Review of Jurassic Park

7 / 10

Introduction


A monster hit in ’93, ‘Jurassic Park’ confirmed the status of Spielberg as the populist deity of modern cinema, and the universality of the marauding prehistoric critters to pull in the punters. With the second sequel in the chamber its time to regress back to the so called ‘good old days’ when ‘good’ blockbusters were the stuff of fun-filled Summers at the movies. Hmm…



Video


Very good. Given the film’s breakthrough status, the picture is as slick and imperfection free as expected.



Audio


Pretty stunning. Those T-Rex roars will echo in your brain for hours.



Features


Some nice extras here: great pre-production meetings, shot in gritty ‘hidden-cam vision’ showing Spielberg and his mates playing with toys. Natch. There’s also some fabulous Harryhausen-esque animatics showing the original animated creatures used as templates for the later CG elements. The 50 minute documentary is interesting, if a little formulaic. There are also the usual collection of storyboards (including some for deleted sequences) trailers, weblinks, photo galleries, production and cast/crew notes, and a handy dinosaur encyclopedia of use to precisely nobody. Pretty good.



Conclusion


A trio of eggheads (Sam Neill, Laura Dern, Jeff Goldblum) receive a once in a lifetime invite to billionaire John Hammond’s (an amusing Santa as Scottish capitalist performance by Richard Attenborough) groundbreaking theme park, which, after a worker is mauled to death by one of the vicious beasties, is being investigated by that pariah of all centrist Hollywood films: the lawyers. Here personified by vampiric, money-grabbing Martin Ferrero. There’s a couple of kids too. Anyway, moments after debating the pros and cons of premature-opportunistic-gene-screwage, the well-fed academics find themselves up s*** creek as disgruntled programming Zen Wayne Knight goes AWOL and leaves everyone on the dino infested island to rot. Or be eaten by the hungry sharp-toothed ones, now free to roam the premises, whichever happens to occur first, and since this is a Spielberg movie, nothing whatsoever is given time to decompose.

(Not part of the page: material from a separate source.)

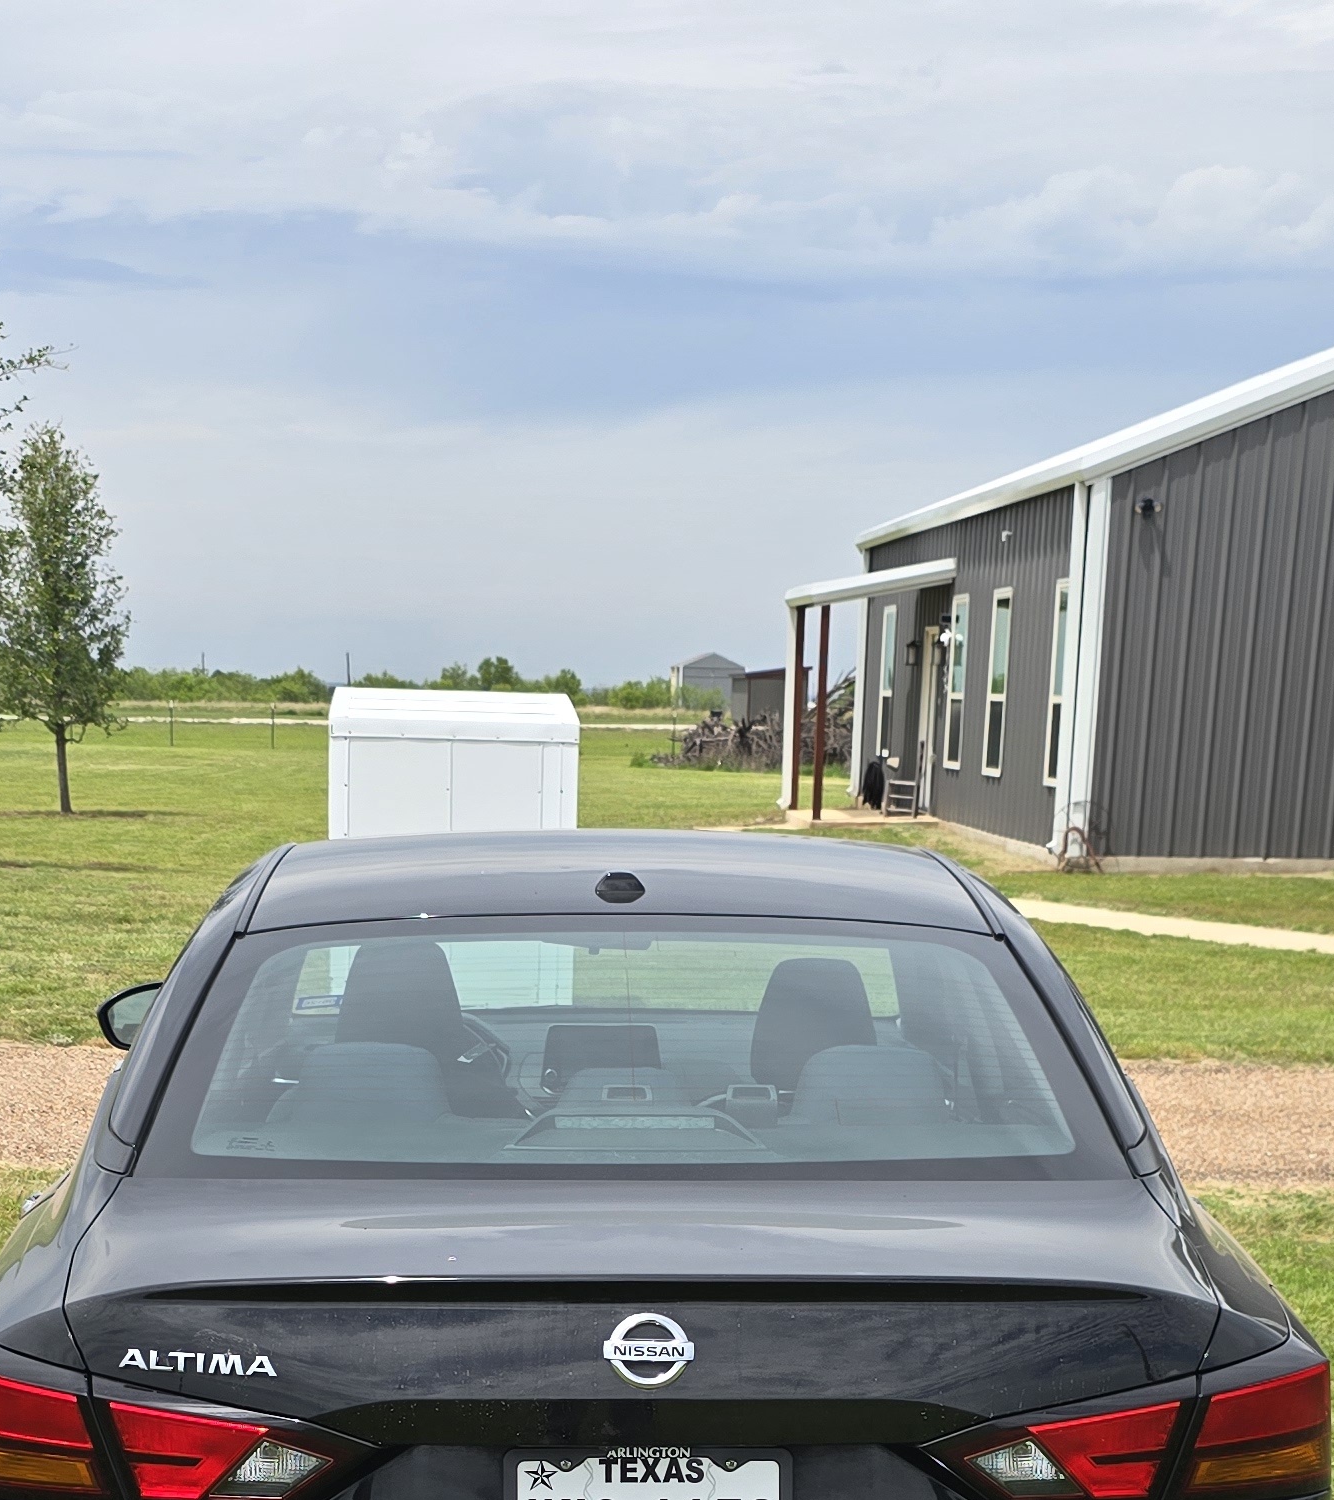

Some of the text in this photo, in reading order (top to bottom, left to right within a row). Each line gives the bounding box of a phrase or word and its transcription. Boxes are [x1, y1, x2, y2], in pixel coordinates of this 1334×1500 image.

The shallowness and crude acting were to be expected (Dern’s scrappy, loose-jawed Princess Leia impression is a consistent hoot), but the sloppiness comes as a surprise. Spielberg proves himself wholly disinterested in anything not stamped ‘set-piece’ (and even there he seems to be more than a little distracted, did anyone say ‘Schindler’s List’?) The film’s best scene, a dinner-table discussion about could/should dilemma of DNA tomfoolery with a killer punchline, all but barely squirms through Spielberg’s apparently anti-subtext stranglehold. Samuel L. Jackson and B.D. Wong are the now obligatory token acts of pluralism (although as labrats, they don’t do so much as stand up). Goldblum is on hand to lighten the pretty square tone (just thank God Koepp got rid of most of Crichton’s senseless techno-babble) but the thing is basically a diverting, posture-soaked mess: the ‘set-pieces’ jaunt around with those usual, swooping Spielbergian kinetics, with none of the chaotic George Miller energy of ‘Raider’s and with little coherence (why does the T-rex pen suddenly turn into a cavernous valley allowing the jeep to drop down into it?) The monsters are quite good, the velociraptors in particular gutting, snarling, pouncing and screeching with prehistoric gusto. Sadly, the venomous but playful prankster ‘dilophosaurous’ barely gets a look in and Spielberg can’t help but turn big ol’ T-Rex into the grizzled goodie at the end, like some kind of toothy back-water Texan industrialist who’s king of the prairie. Eurgh.

All its embarrassing flaws aside, few could deny being stunned by Dennis Murin’s groundbreaking computer generated effects, astonishingly detailed and the primal shrieks on the lively and artfully sustained soundtrack are still bloodcurdling and, deservedly, Oscar-winning. As a technical feat then, ‘Jurassic Park’ is still impressive, and a genuine landmark. As a movie, it may be fun, but its still a dud: as dramatically anorexic as any Next-Gen cash-covered pot-boiler and as loose as Spielberg’s shoddiest follies. Its just as well the kitchen raptor kiddie hunt is an fist-clenching, teeth-chattering joy to behold, otherwise we’d be in real trouble. Perhaps the real problem is that we’ve seen all of Spielberg’s tricks before, and by this point he seems to be doing little more than saying boo to a ghost.